The National Fire Protection Association (NFPA) Standard 1901 offers excellent guidance covering the design and proper installation of line voltage electrical systems; see Chapter 23 and the appendix of the standard. There is no specific requirement for the size or number of generators that should be carried on truck company or special service units. With this in mind, we will offer practical advice on what fire departments should consider when outfitting rescue or squad apparatus.

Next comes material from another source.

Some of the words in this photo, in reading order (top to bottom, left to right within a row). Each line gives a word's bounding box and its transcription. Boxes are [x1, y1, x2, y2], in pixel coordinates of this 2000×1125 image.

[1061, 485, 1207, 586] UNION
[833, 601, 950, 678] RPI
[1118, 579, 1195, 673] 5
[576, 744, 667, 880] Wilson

One unique aspect of rescue squad and special service units is that there is relatively little guidance with respect to what units are expected or need to carry for equipment. In some parts of the country, such as the metropolitan Washington, D.C. area, several county fire departments have detailed standards on what equipment is to be carried on rescue squad and rescue engine apparatus. Beyond this, there are some locations that have are specific equipment requirements for urban search and rescue (USAR) units and hazmat apparatus. If your department is just getting started with designing a new rescue apparatus, take the time to obtain an inventory list from another department or jurisdiction to see what type and quantity of tools and equipment should be carried.

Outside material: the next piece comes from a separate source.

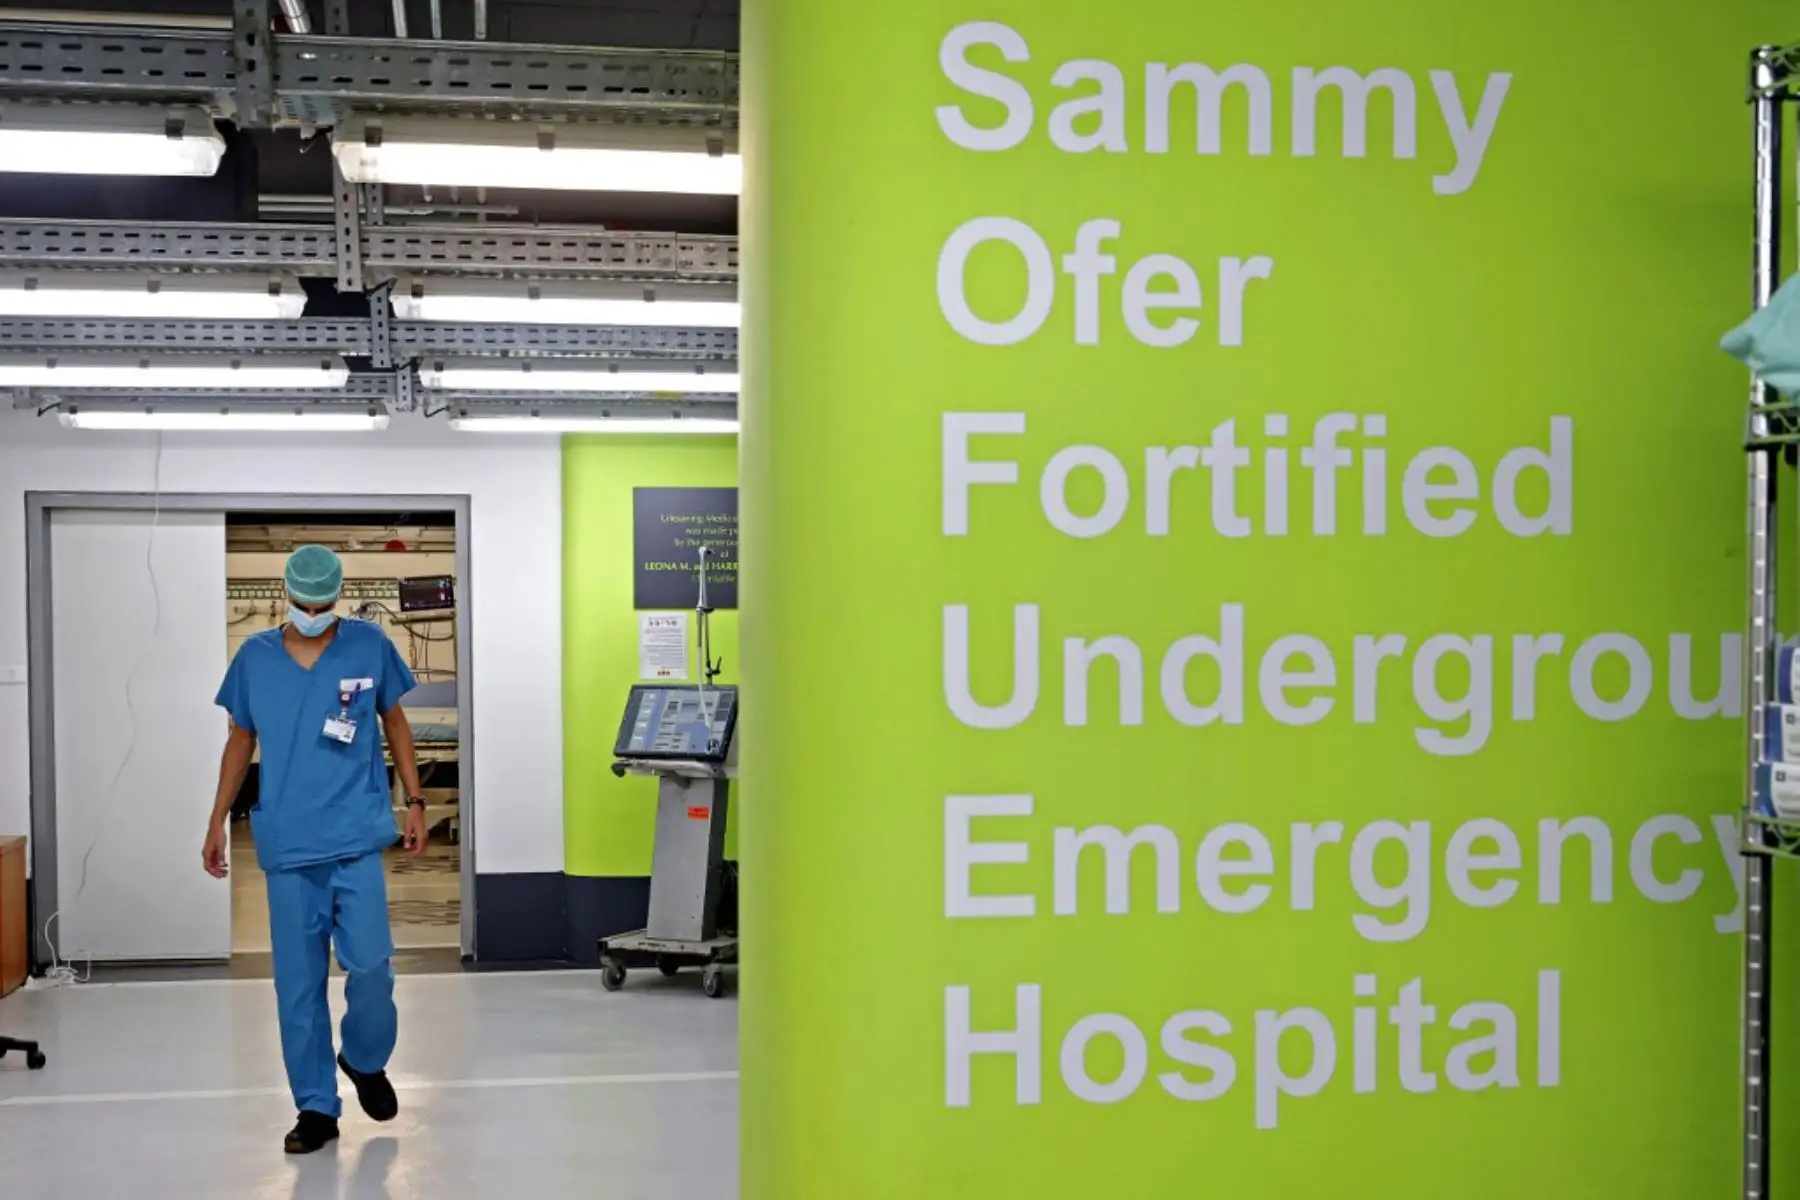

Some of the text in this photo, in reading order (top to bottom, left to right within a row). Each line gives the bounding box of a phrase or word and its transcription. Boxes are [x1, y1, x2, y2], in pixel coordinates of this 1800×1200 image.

Portable gasoline-powered generators should be carried on every special service apparatus. Smaller 500- to 2,000-watt-output units equipped with lamp heads can be used to illuminate remote areas as well as provide power for smaller electrical equipment. Consideration should be given to carrying one or two of these types of light/generator plants together with a larger-output portable generator. Midsize portable generators can provide 2,500 to 6,000 watts of power and, depending on size, can be frame mounted or provided with rubber tires. These units can be particularly useful when you need to provide a remote power supply at a scene without tying up an entire apparatus for extended periods.
Diesel generators are commonly available in sizes from six to 15 kilowatts and provide a reliable source of power; however, they weigh in the area of 500 to 900 pounds and take up a considerable amount of room within a compartment. When they are mounted on the floor of a side-body compartment, make sure that there is adequate ventilation for the unit to run; if using a larger-output unit, you will have to balance out the body with other equipment on the opposite side of the unit. Diesel generators offer the advantage of being able to produce power when the vehicle is in motion as well as running when the apparatus is shut down. These features may be beneficial to the department, depending on operating conditions at the scene of an incident.

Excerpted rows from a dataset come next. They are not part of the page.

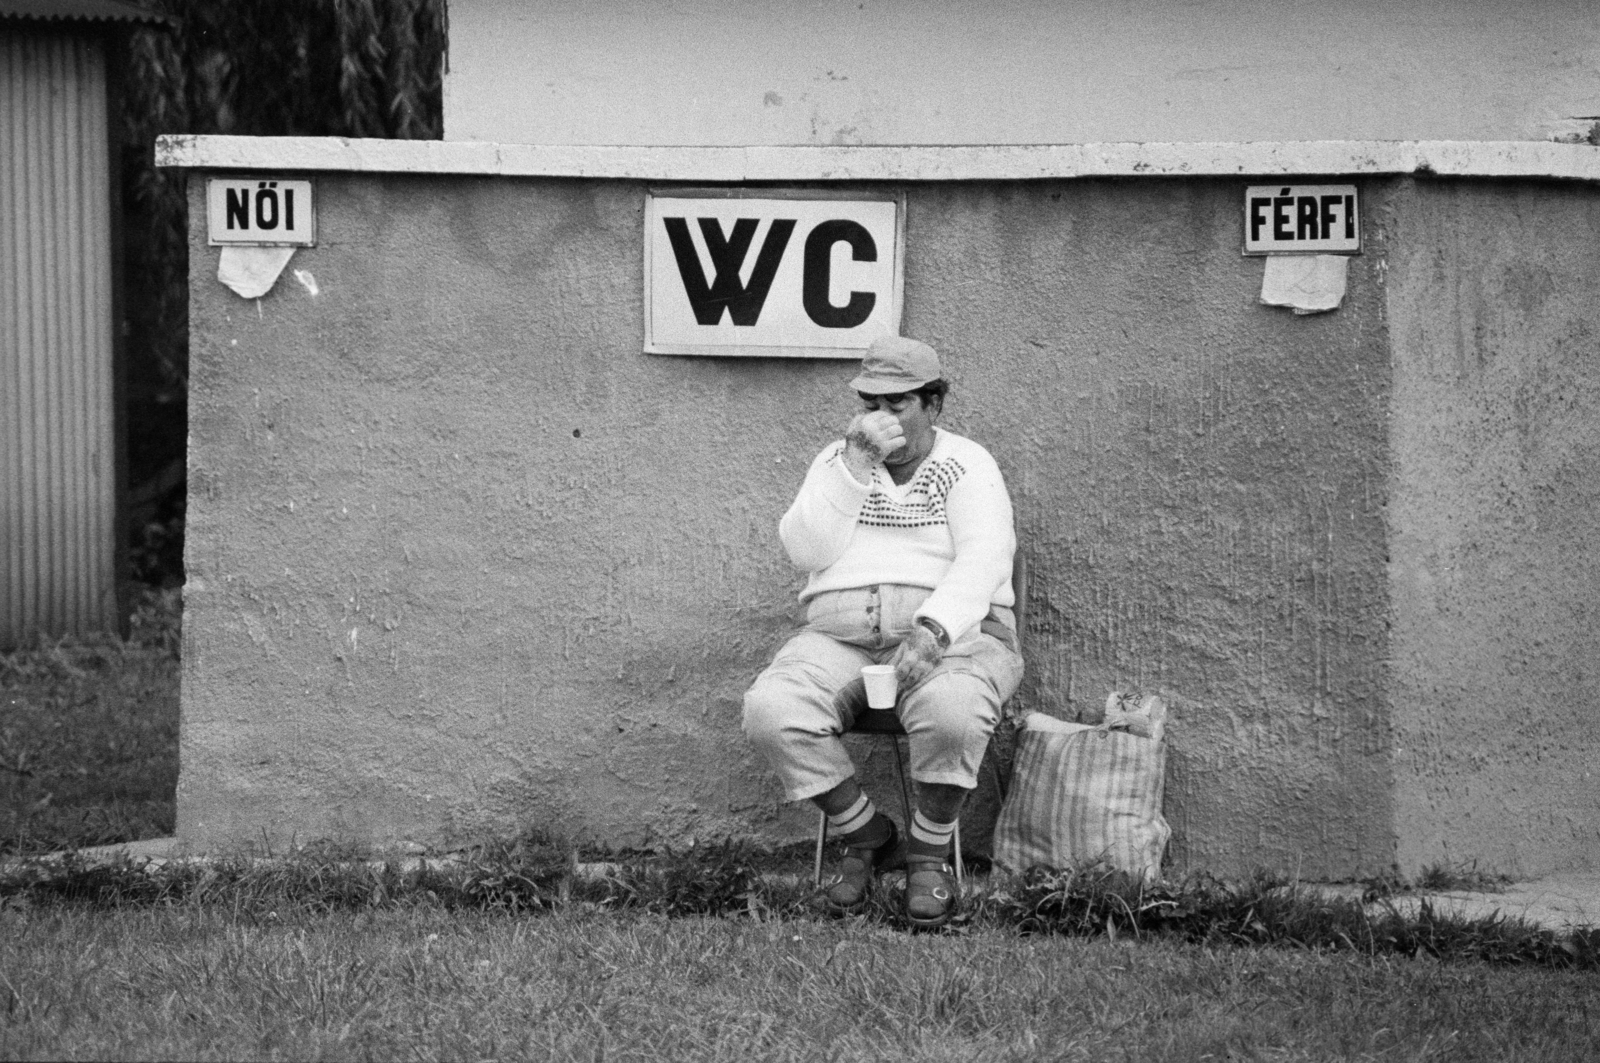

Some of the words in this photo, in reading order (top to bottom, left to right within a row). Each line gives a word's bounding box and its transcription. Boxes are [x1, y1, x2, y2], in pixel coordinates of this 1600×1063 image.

[226, 182, 294, 231] NŐI
[1251, 187, 1355, 241] FÉRFI
[663, 217, 878, 329] WC
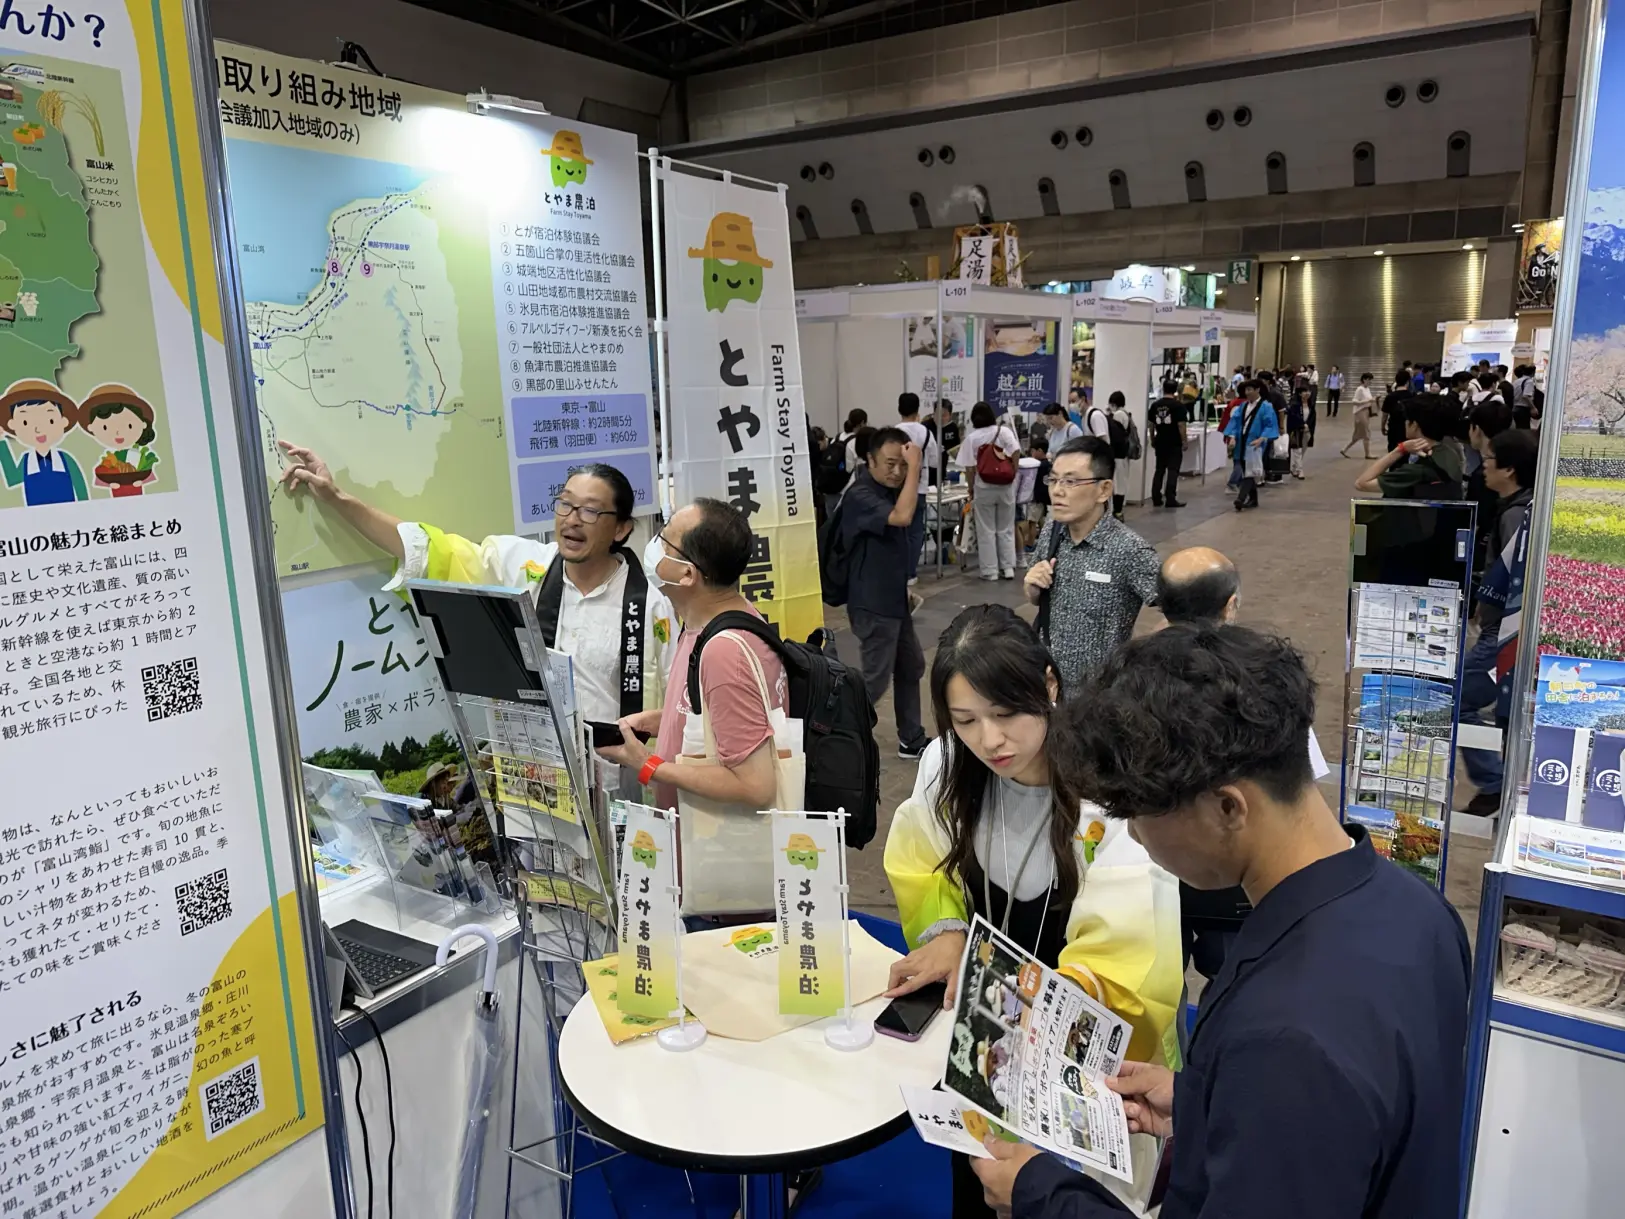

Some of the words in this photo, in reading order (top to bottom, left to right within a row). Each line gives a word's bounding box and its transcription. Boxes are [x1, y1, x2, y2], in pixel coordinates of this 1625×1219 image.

[214, 56, 403, 123] 取り組み地域
[85, 159, 115, 171] 富山米
[86, 176, 119, 185] コシヒカリ
[90, 200, 122, 208] てんこもり
[544, 191, 596, 211] とやま農泊
[550, 208, 563, 217] Farm
[564, 209, 573, 219] Stay
[574, 211, 592, 220] Toyama
[514, 225, 600, 247] とが宿泊体験協議会
[515, 244, 636, 268] 五箇山合掌の里活性化協議会
[966, 238, 987, 280] 足湯
[331, 262, 339, 274] 8
[363, 263, 371, 275] 9
[516, 265, 611, 284] 城端地区活性化協議会
[1531, 266, 1546, 278] Go
[518, 284, 637, 303] 山田地域都市農村交流協議会
[945, 287, 967, 297] L-101
[519, 302, 630, 320] 氷見市宿泊体験推進協議会
[1075, 298, 1096, 307] L-102
[522, 341, 624, 355] 一般社団法人とやまのめ
[524, 359, 617, 373] 魚津市農泊推進協議会
[771, 344, 785, 392] Farm
[525, 377, 618, 392] 黒部の里山ふせんたん
[997, 373, 1044, 392] 越前
[775, 398, 791, 439] Stay
[780, 441, 799, 518] Toyama
[623, 601, 641, 692] とやま農泊
[1, 699, 129, 741] 観光旅行にぴった
[0, 1002, 252, 1135] 泉郷・宇奈月温泉と、富山は名泉ぞろい

Power take-off generators work well with rescue vehicles in that they generally do not take up outside compartment space on the apparatus. These generators come in sizes from 15 to 40 kilowatts and can be powered from one of the PTO openings on an Allison automatic transmission. Larger output generators in the 50- to 150-kilowatt range are run by transfer case gearboxes similar to a fire pump. These high-capacity units are typically used on air/light units or special service units, which operate electrically driven breathing air compressors or other high-demand components.